There is no institution or agency or system in the world that can make up for indifference laziness and lack of grit in the individual

1 year ago

The American way philosophically is to provide “equal rights” for all citizens. The DemocRat Party philocophically and pragmatically considers the American way to rig it so that no one has equal rights, and the DemocRat party patrons have superior rights. The DemocRat Commie Party seeks to RULE the Nation …. not just GOVERN the Nation.

Judy Gonzales
Judy Gonzales
1 year ago

Mr. Paul E. explains all of this, typically in his wisdom, quite eloquently. Thank you Paul E.
I just want to add one other thing however….
This generation has has come from a lack of parental guidance and a base moral family structure, as well as broken homes. With many coming from homes with
one parent authority, which some of these parents lack their own proper upbringing and education, lacking the maturity they need for their own self discipline let alone trying to raise children. And while yet other children are neglected and abused physically as well as emotionally. This all generates low self esteem and self loathing among youth who never had the moral example to follow to learn how to appropriate their feelings. So then they turn to drugs and alcohol, mimicking their abusive parents, which we know only postpones the hurt and insecurity. This isn’t always the explanation for how this generation is evolving. There’s the mere
lack of proper supervision and actual proactive parenting. Example; children old enough get left to themselves because their parents have to work, and it’s not always the ideal home setting where there are both parents in the home which would allow each parent to work different shifts so that one parent could supervise their children, or be there for their growing teen. Nope, most I refer to are living in broken homes. Not sure the stats on that, but I’m sure it’s staggering.
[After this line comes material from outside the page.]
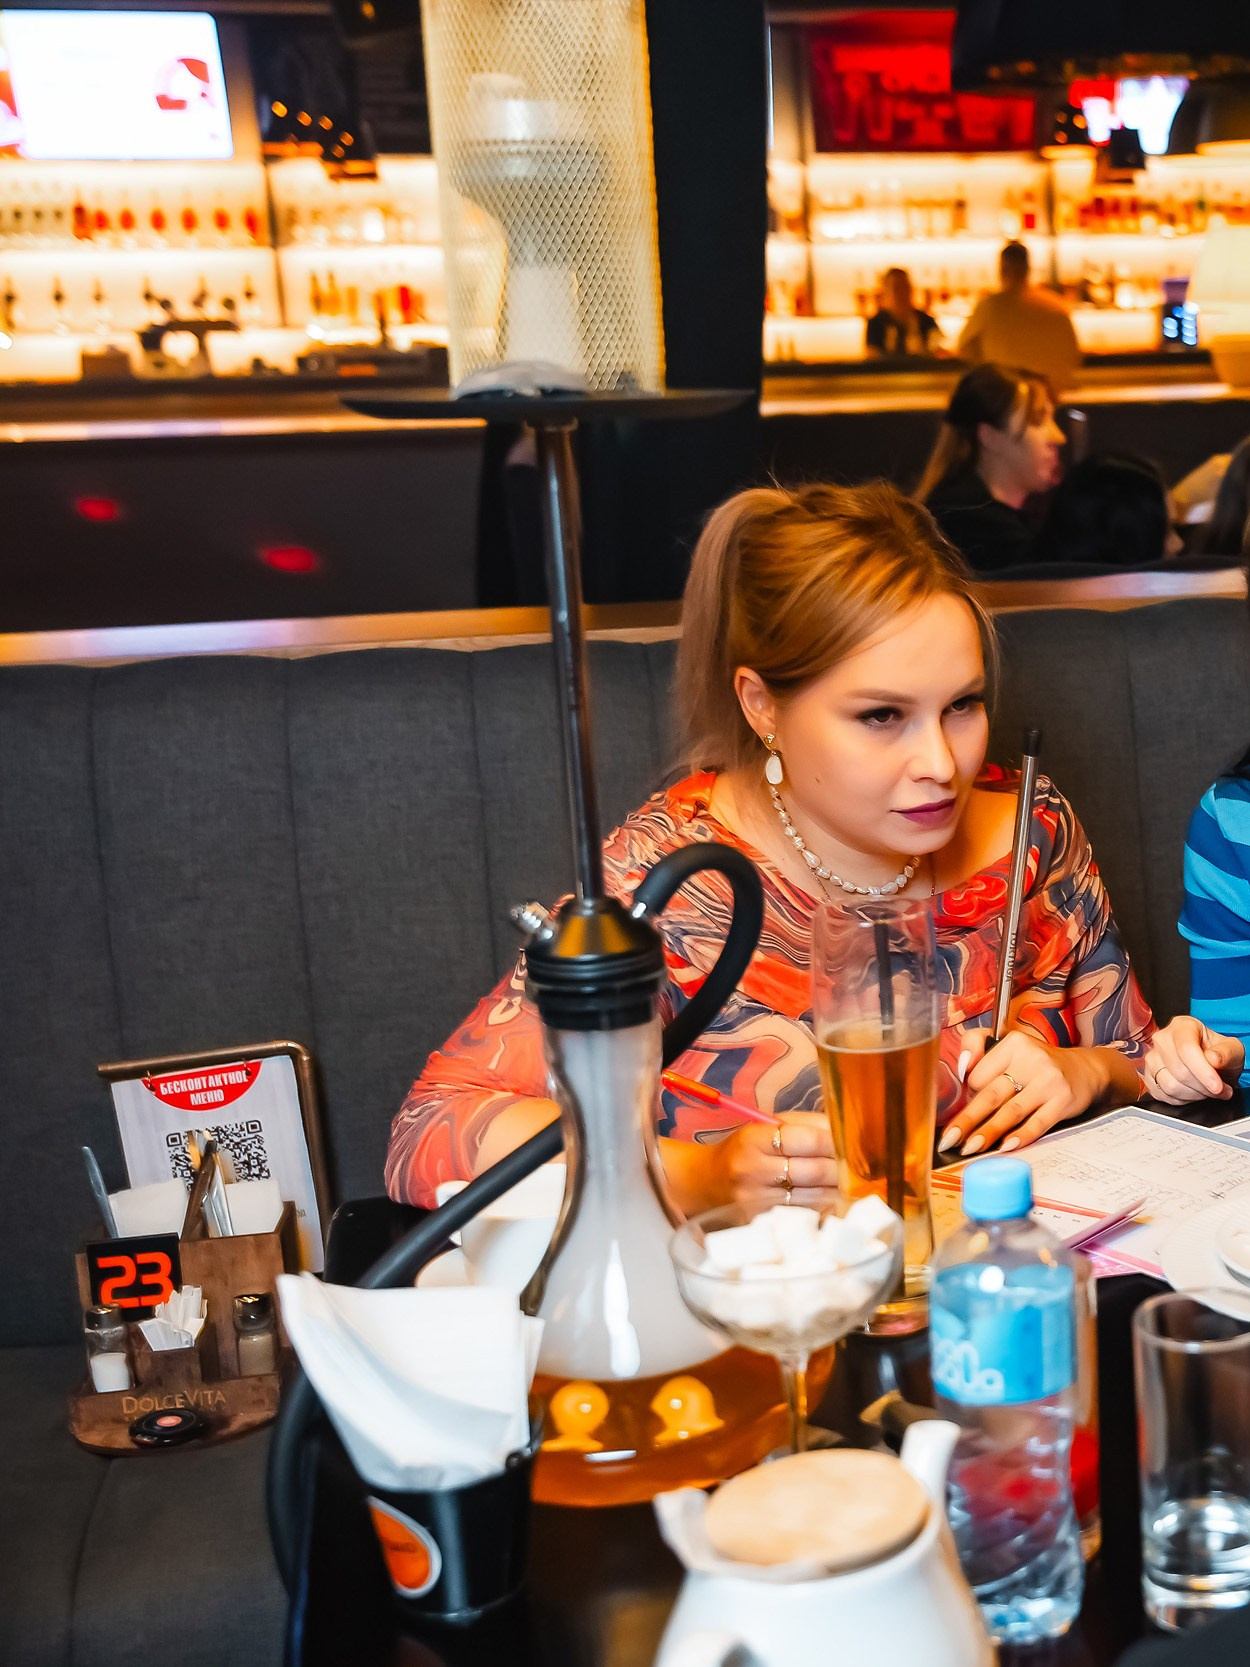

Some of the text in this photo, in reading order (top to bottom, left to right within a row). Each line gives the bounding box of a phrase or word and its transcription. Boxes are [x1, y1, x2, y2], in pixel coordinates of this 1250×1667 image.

[160, 1070, 248, 1095] БЕСКОНТАКТНОЕ
[190, 1089, 225, 1106] МЕНЮ
[97, 1251, 174, 1309] 23
Anyhow, these kids left to themselves are in no way ready to make responsible decisions for themselves. Some parents just throw cell phones and numerous electronic gadgets and game consoles at them believing those will adequately keep them out of trouble. All this does is offer them no disciplinary limits on their use of time, plus making them physically weaker and put on the pounds. Thus, a generation of the morally deprived, lazy, undiciplined and drug induced.
So….thee wrong headed ‘idea’ of inequity, it’s just something the Left made up to attract the morally deprived, self centered, spoiled and Lazy youth of this generation who they can easily manipulate into believing that sheer garbage, and that they’re not responsible for their own actions and decisions they make. No accountability is their motto. It’s another reason removing God from everything gives them that path to fulfill their fantasies. And what sickens me; is the wicked nature of their justifying their own life choices of the perversions they’re pushing on our children; Doesn’t matter what they want to label anything they decide is what they want ‘children’ to adhere to. They are wicked, evil demon possessed individuals who one day, and I believe sooner than we think, will face the God they believed they could deny and avoid. I pray for our country, those who have authority over us, and for Israel.
May God have mercy upon us, our nation and forgive our sin in turning from him. Amen.

Robin Bunting
Robin Bunting
1 year ago

Wow, I am thankful for this article explaining what has been happening via false information. What can an average American do to help get the word out? I am going to share this article for one.

michael deprisco
michael deprisco
1 year ago

I been hearing the war on hunger since LBJ declared war on it in the 60’s. Same with inequality. Since the 60’s who has been mostly in charge oh let me see oh yea the Democrats. I take it there polices are not working maybe we should try something else same old beat just a different drum.